• Task details: Copy out all of the data exactly as it appears.

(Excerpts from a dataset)
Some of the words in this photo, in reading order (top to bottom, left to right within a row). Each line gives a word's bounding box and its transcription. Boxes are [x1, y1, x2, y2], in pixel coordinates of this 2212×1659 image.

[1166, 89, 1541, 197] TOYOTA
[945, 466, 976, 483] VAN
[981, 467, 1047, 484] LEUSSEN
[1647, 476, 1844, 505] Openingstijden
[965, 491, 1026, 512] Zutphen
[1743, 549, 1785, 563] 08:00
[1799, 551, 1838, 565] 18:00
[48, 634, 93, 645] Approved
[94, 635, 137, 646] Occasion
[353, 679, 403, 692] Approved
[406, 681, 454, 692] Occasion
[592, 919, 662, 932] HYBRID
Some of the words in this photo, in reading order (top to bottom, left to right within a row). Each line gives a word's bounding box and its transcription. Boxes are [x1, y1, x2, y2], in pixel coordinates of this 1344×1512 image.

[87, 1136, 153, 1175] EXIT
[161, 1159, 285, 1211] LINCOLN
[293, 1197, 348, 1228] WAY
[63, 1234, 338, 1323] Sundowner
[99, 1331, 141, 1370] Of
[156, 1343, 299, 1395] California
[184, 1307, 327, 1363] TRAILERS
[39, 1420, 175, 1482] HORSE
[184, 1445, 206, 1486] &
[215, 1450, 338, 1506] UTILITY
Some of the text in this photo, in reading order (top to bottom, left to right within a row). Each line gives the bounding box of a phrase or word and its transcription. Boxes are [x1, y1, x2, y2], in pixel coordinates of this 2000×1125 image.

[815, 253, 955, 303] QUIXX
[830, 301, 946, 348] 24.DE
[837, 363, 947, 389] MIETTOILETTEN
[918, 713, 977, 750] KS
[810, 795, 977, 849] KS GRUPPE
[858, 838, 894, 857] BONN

• Task solution:
Some of the words in this photo, in reading order (top to bottom, left to right within a row). Each line gives a word's bounding box and its transcription. Boxes are [x1, y1, x2, y2], in pixel coordinates of this 2212×1659 image.

[1166, 89, 1541, 197] TOYOTA
[945, 466, 976, 483] VAN
[981, 467, 1047, 484] LEUSSEN
[1647, 476, 1844, 505] Openingstijden
[965, 491, 1026, 512] Zutphen
[1743, 549, 1785, 563] 08:00
[1799, 551, 1838, 565] 18:00
[48, 634, 93, 645] Approved
[94, 635, 137, 646] Occasion
[353, 679, 403, 692] Approved
[406, 681, 454, 692] Occasion
[592, 919, 662, 932] HYBRID
Some of the words in this photo, in reading order (top to bottom, left to right within a row). Each line gives a word's bounding box and its transcription. Boxes are [x1, y1, x2, y2], in pixel coordinates of this 1344×1512 image.

[87, 1136, 153, 1175] EXIT
[161, 1159, 285, 1211] LINCOLN
[293, 1197, 348, 1228] WAY
[63, 1234, 338, 1323] Sundowner
[99, 1331, 141, 1370] Of
[156, 1343, 299, 1395] California
[184, 1307, 327, 1363] TRAILERS
[39, 1420, 175, 1482] HORSE
[184, 1445, 206, 1486] &
[215, 1450, 338, 1506] UTILITY
Some of the text in this photo, in reading order (top to bottom, left to right within a row). Each line gives the bounding box of a phrase or word and its transcription. Boxes are [x1, y1, x2, y2], in pixel coordinates of this 2000×1125 image.

[815, 253, 955, 303] QUIXX
[830, 301, 946, 348] 24.DE
[837, 363, 947, 389] MIETTOILETTEN
[918, 713, 977, 750] KS
[810, 795, 977, 849] KS GRUPPE
[858, 838, 894, 857] BONN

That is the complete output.